The speed page put today’s chip somewhere around ~32 MHz
implied Fmax at the slow signoff corner, against a 25 MHz (40 ns)
target. P37’s recorded worst setup slack at signoff was 8.74 ns,
which puts the critical path around 31 ns. The natural diagnostic
is: drop CLOCK_PERIOD to 30 ns (33.3 MHz) and re-harden. If it
converges, we learn something about how much margin we actually had;
if it breaks, we learn which path inside the FSM CPU pinches first.
The new config is checked in at:
projects/37_rv32im_zicsr_zifencei/librelane/config_speed30.yaml
Same RTL, same SDC, same memory map, same DEFAULT_CORNER. The only
diff vs the recorded P37 harden is CLOCK_PERIOD: 40.0 -> 30.0.
Running it
scripts/run_librelane.sh hard-codes librelane/config.yaml, so this
one goes through librelane directly:
cd projects/37_rv32im_zicsr_zifencei
librelane librelane/config_speed30.yaml
The fresh RUN_<timestamp>/ lands under
projects/37_rv32im_zicsr_zifencei/librelane/runs/, alongside the
existing RUN_2026-05-02_22-49-46/ from the original P37 harden. The
original hardened result is not disturbed.
What we got
Outcome 2: converges through GDS with negative setup slack. The
flow ran end-to-end and produced a clean GDS (Magic DRC, KLayout DRC,
LVS, antenna, routing DRC, XOR all 0 errors), but signoff timing
reported 152 setup violations at max_ss_100C_1v60 with worst
slack -1.258 ns.
| metric | P37 (40 ns) | P37-speed (30 ns) |
|---|---|---|
| Worst setup slack | 8.742 ns | -1.258 ns |
| Worst hold slack | 0.105 ns | 0.105 ns |
| Setup violation count | 0 | 152 |
| Hold violation count | 0 | 0 |
max_ss slew vio | 83 | 83 |
max_ss cap vio | 8 | 8 |
| Standard-cell area | 191927 um² | 191927 um² |
| Standard-cell count | 27157 | 27157 |
| Magic DRC / KLayout DRC / LVS / antenna / routing DRC | 0 | 0 |
The first interesting observation: the implied critical-path length
is identical. P37 had 40 - 8.742 = 31.258 ns of used path; P37-30
has 30 + 1.258 = 31.258 ns. Same number, four decimal places. The
resizer didn’t gain anything from the tighter budget - same
standard-cell count, same area, same DRV tail. This is the cell-
strength ceiling for that path; making the constraint tighter just
moved the slack from positive to negative without changing the
underlying logic.
The critical endpoint
The worst violator (and the top 16 violators) all start at the same register:
Startpoint: _19399_/Q (u_core.op_b[2], the ALU operand-B register)

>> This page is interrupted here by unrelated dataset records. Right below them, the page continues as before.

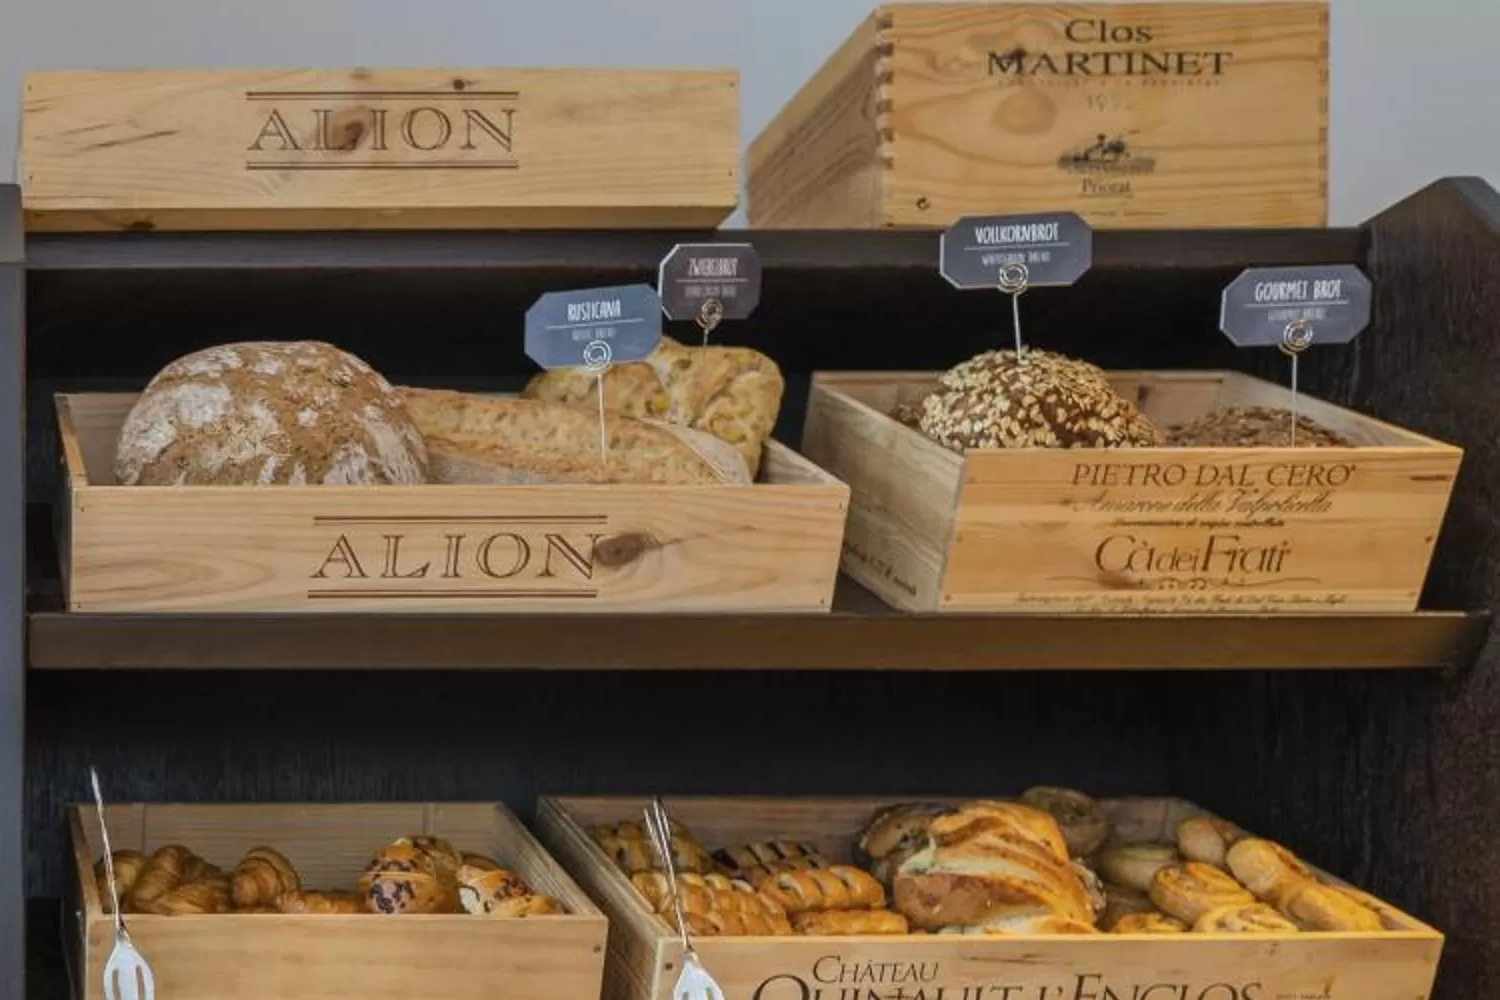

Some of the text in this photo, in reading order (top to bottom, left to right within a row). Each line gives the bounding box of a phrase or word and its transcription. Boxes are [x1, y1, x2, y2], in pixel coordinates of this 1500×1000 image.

[1065, 19, 1155, 44] Clos
[986, 50, 1234, 76] MARTINET
[246, 106, 517, 152] ALION
[974, 221, 1060, 245] VOLLKORNBROT
[1255, 279, 1342, 302] GOURMET BROT
[1072, 463, 1187, 487] PIETRO
[1195, 463, 1257, 486] DAL
[308, 531, 606, 581] ALION
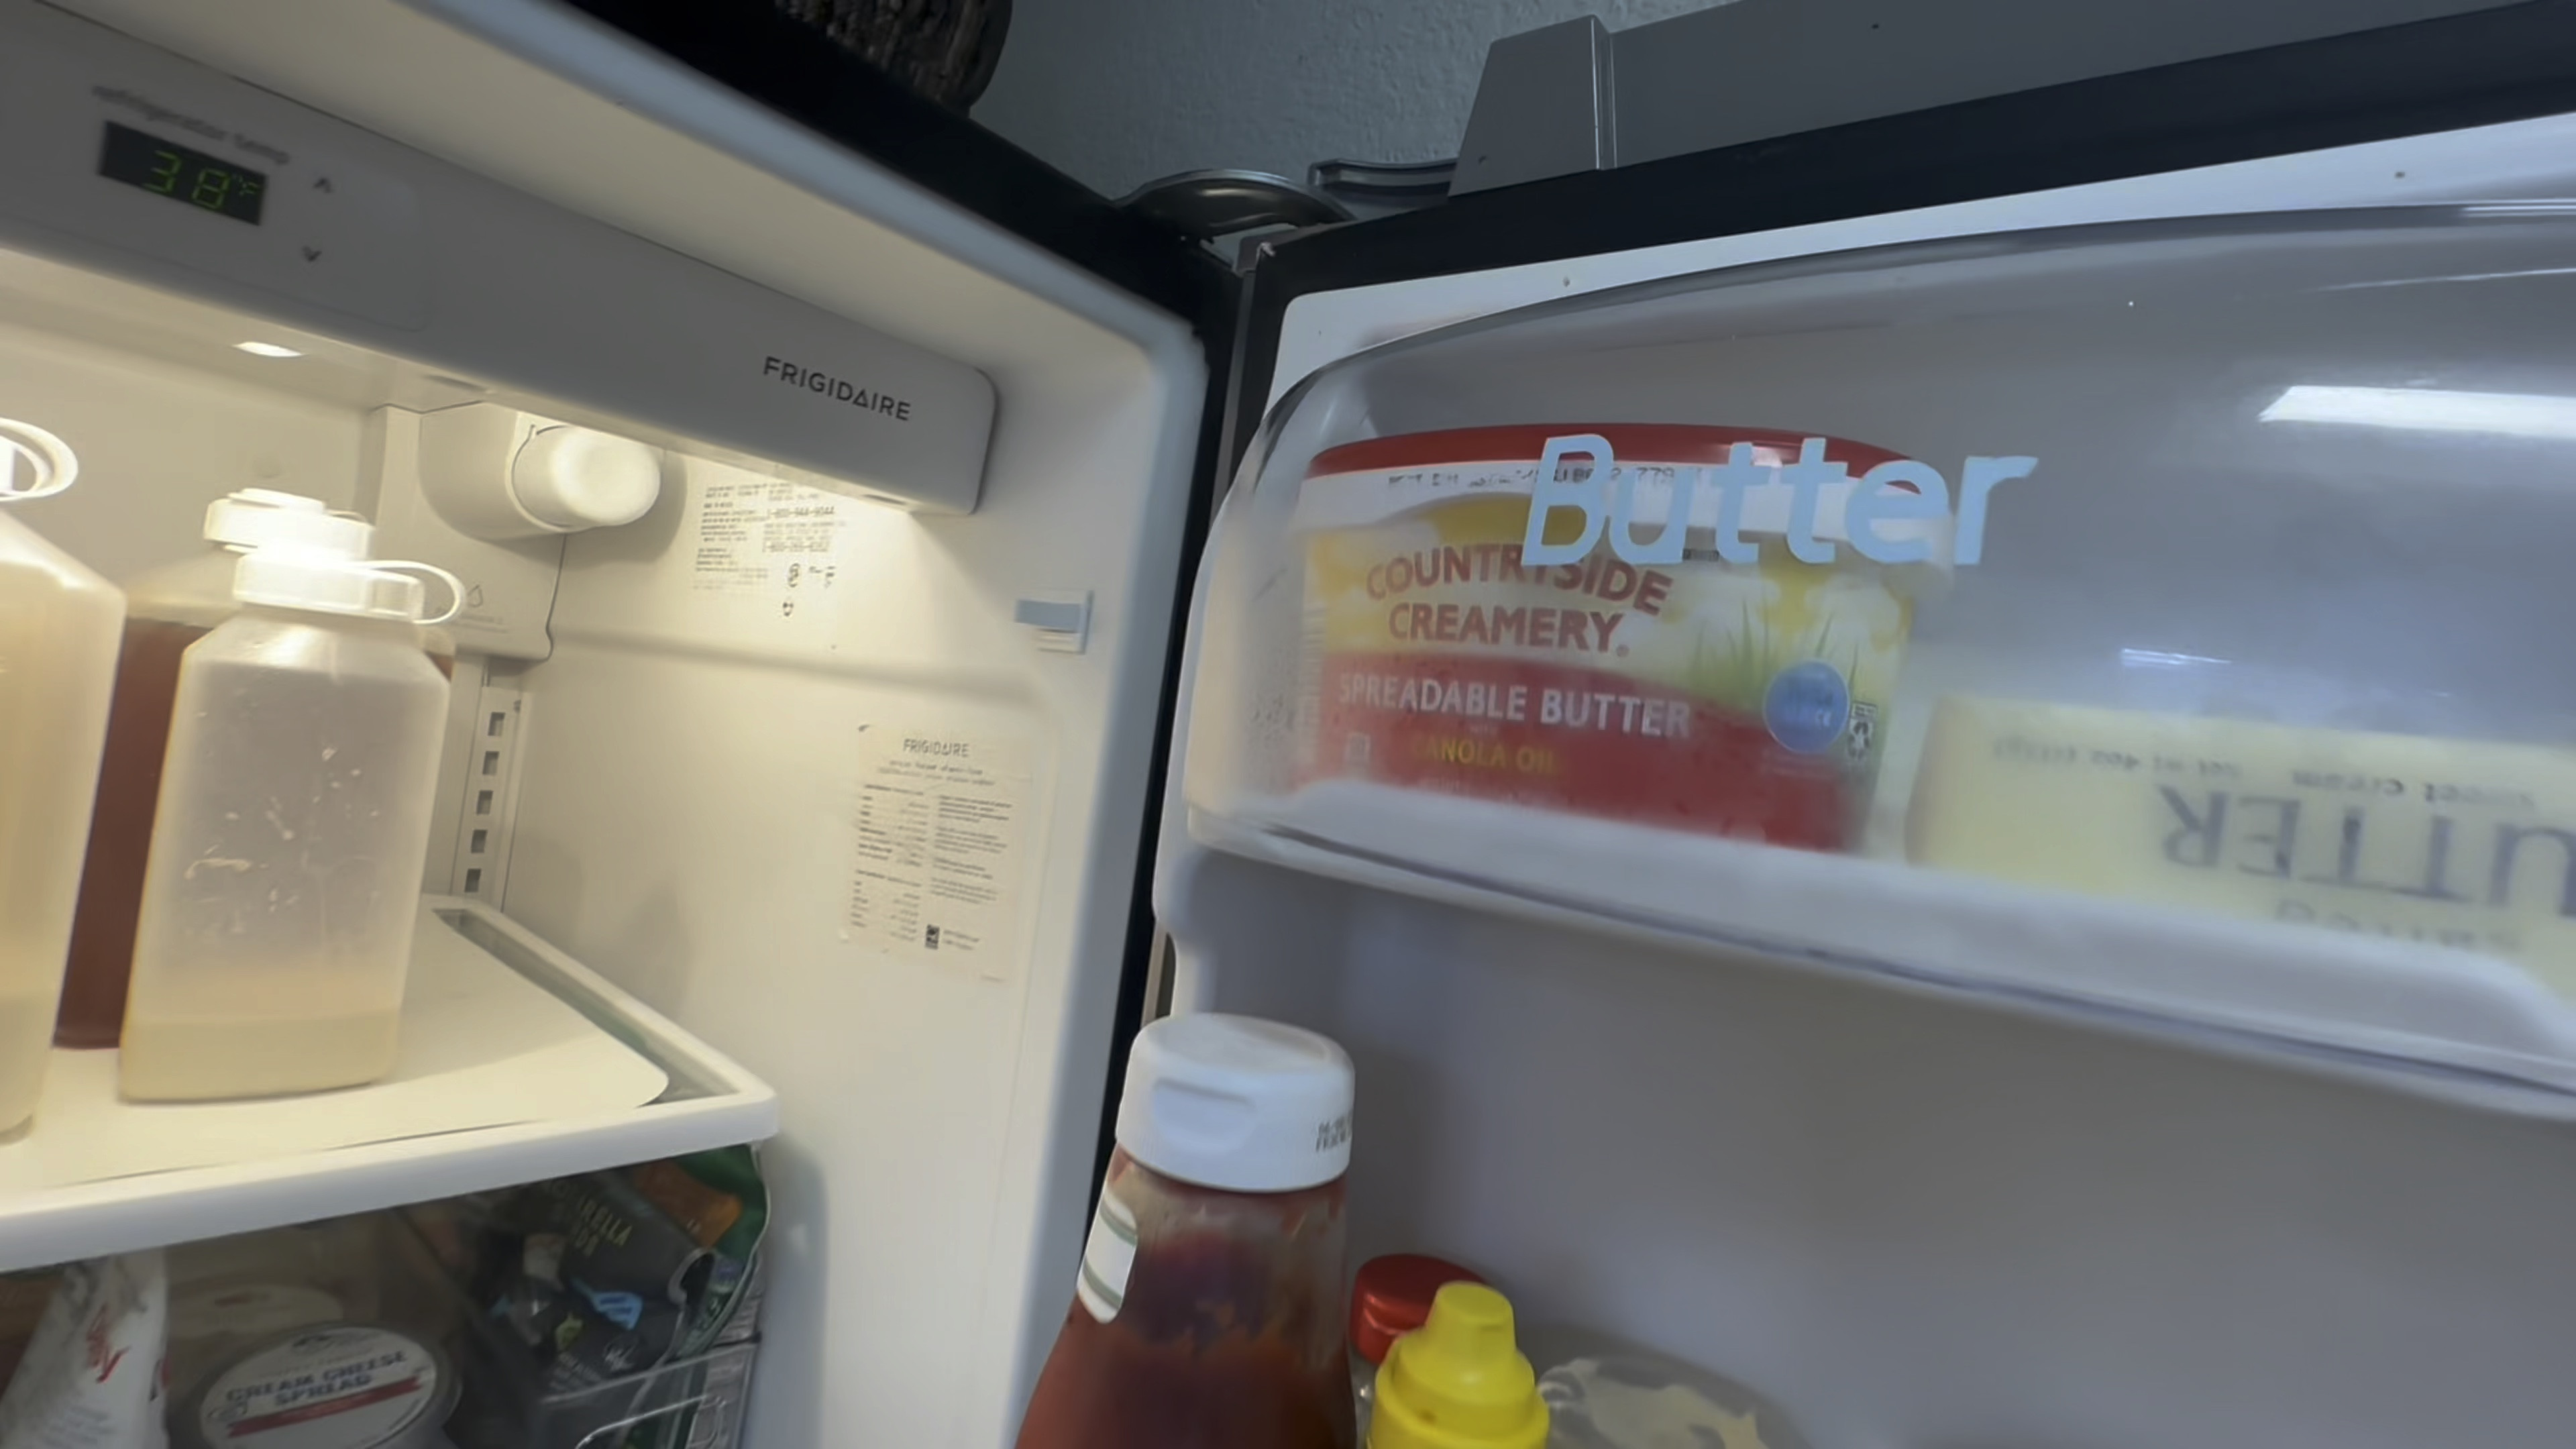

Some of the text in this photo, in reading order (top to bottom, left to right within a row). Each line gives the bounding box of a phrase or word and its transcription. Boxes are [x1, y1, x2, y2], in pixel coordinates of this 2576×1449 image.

[763, 356, 912, 421] FRIGIDAIRE
[1521, 434, 2039, 566] Butter
[1388, 602, 1623, 653] CREAMERY
[1340, 672, 1692, 739] SPREADABLE BUTTER
[903, 738, 971, 758] FRIGIDAIRE
[2155, 783, 2576, 918] UTTER
[227, 1372, 315, 1402] CREAM
[322, 1349, 407, 1381] CHEESE
[275, 1373, 372, 1406] SPREAD
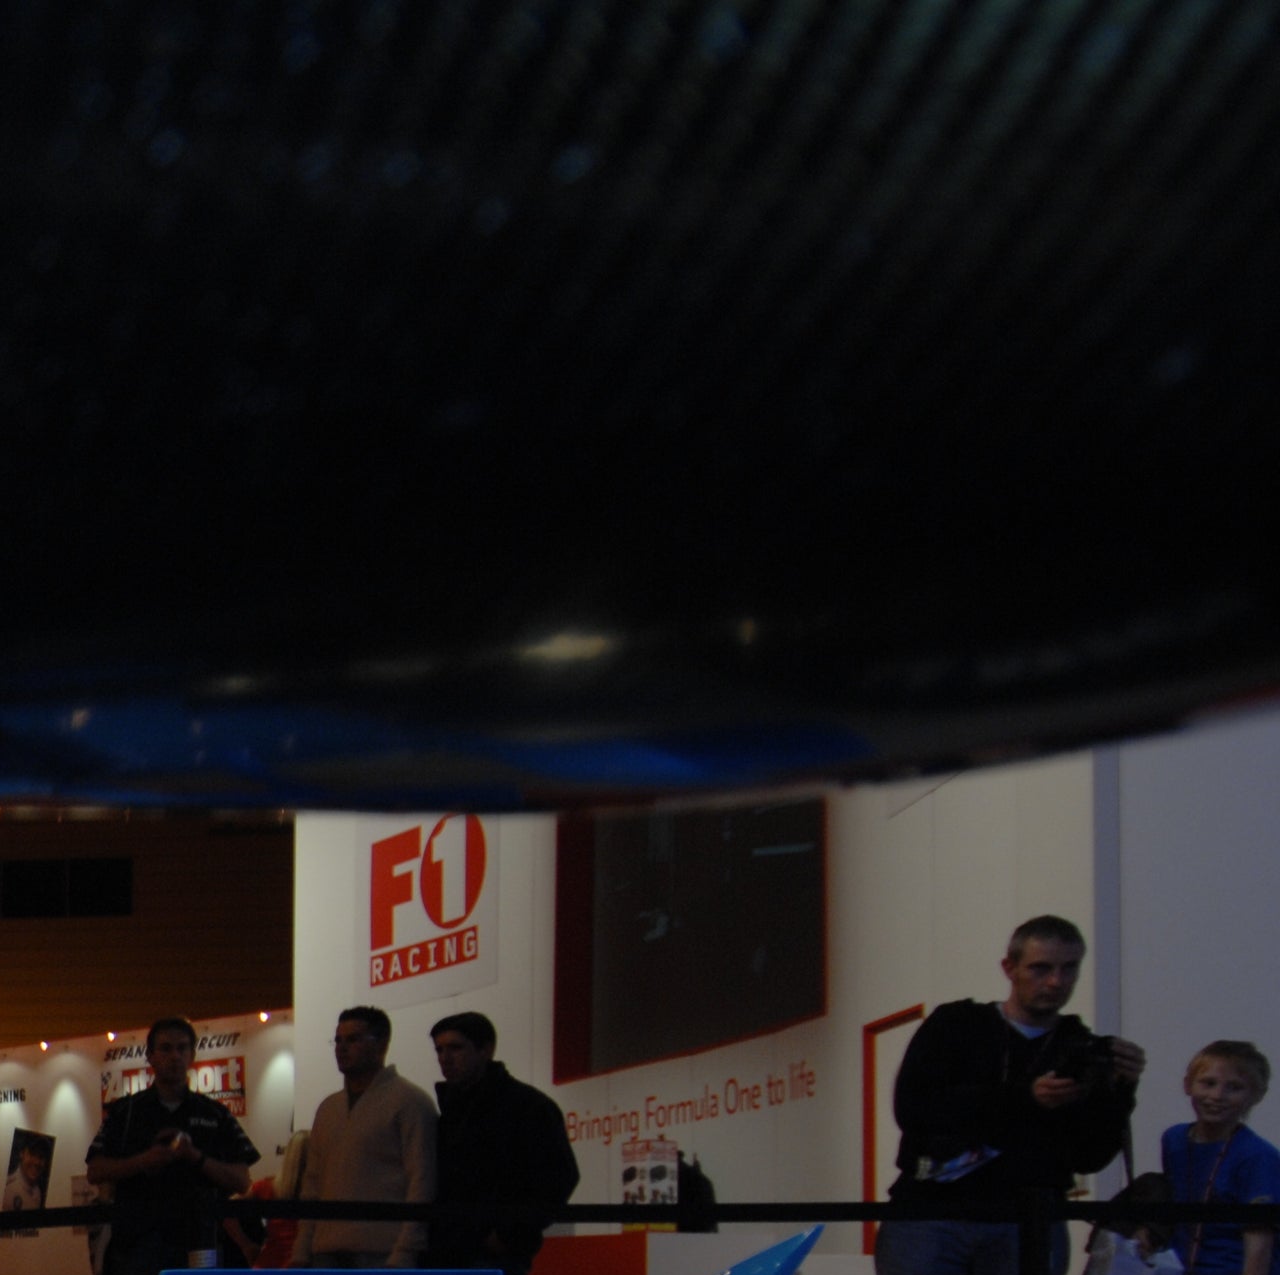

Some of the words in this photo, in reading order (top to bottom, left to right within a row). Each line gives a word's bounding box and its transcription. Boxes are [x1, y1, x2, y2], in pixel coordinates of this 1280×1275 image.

Endpoint: _17817_/D (a downstream flop)
The path runs through a ~16-deep chain of or4_2/or3_2/or2_2/
a22o_2 gates with buffer repeaters between segments. That shape is a
classic wide OR-reduction tree, almost certainly the divider’s
bit-by-bit quotient/remainder reduction or the multiplier’s add-
reduction in the same block. The fact that the same source register
(op_b[2]) drives the top 16 endpoints tells us those 16 destinations
are all part of the same wide reduction.
This is consistent with what the speed page said: today’s
chip is FSM-bound, not technology-bound. The path is not about
wire delay or routing parasitics - it is the depth of a combinational
arithmetic reduction inside the FSM’s S_DIV/S_MUL cycle. Adding a
single pipeline register inside that reduction would split the path
in half and the design would converge at ~16 ns. Doing that means
designing a real pipelined core, which is a P-something-large rung,
not a config flip.
What this confirms
- The headroom-from-slack estimate on the speed page is
correct. The signoff Fmax of this RTL is about
1 / 31.258 ns = 32 MHz, almost exactly the~32 MHzwe estimated. - The resizer is already doing what it can. Same cells, same area at both budgets - it can’t trade more cells for more speed on this path.
- The path lives in the divider/multiplier reduction. That is a deliberate target for a future architectural rung if speed becomes a goal.
Status
Configured: PASS
Hardened (fast): PARTIAL - GDS/DRC/LVS clean, 152 setup violations
in signoff timing.
The fresh RUN_2026-05-03_01-29-50/ is checked into the run
directory next to the original P37 harden; the original 40 ns
harden is unchanged.
The roadmap-side conclusion is unchanged: today’s chip is FSM-bound, not technology-bound. A real speed jump means a different core, not a tighter budget. See /speed/ for the framing. This run graduates from “experiment we should try” to “data point we have,” and the divider/multiplier OR-reduction is the named target if we ever care about Fmax.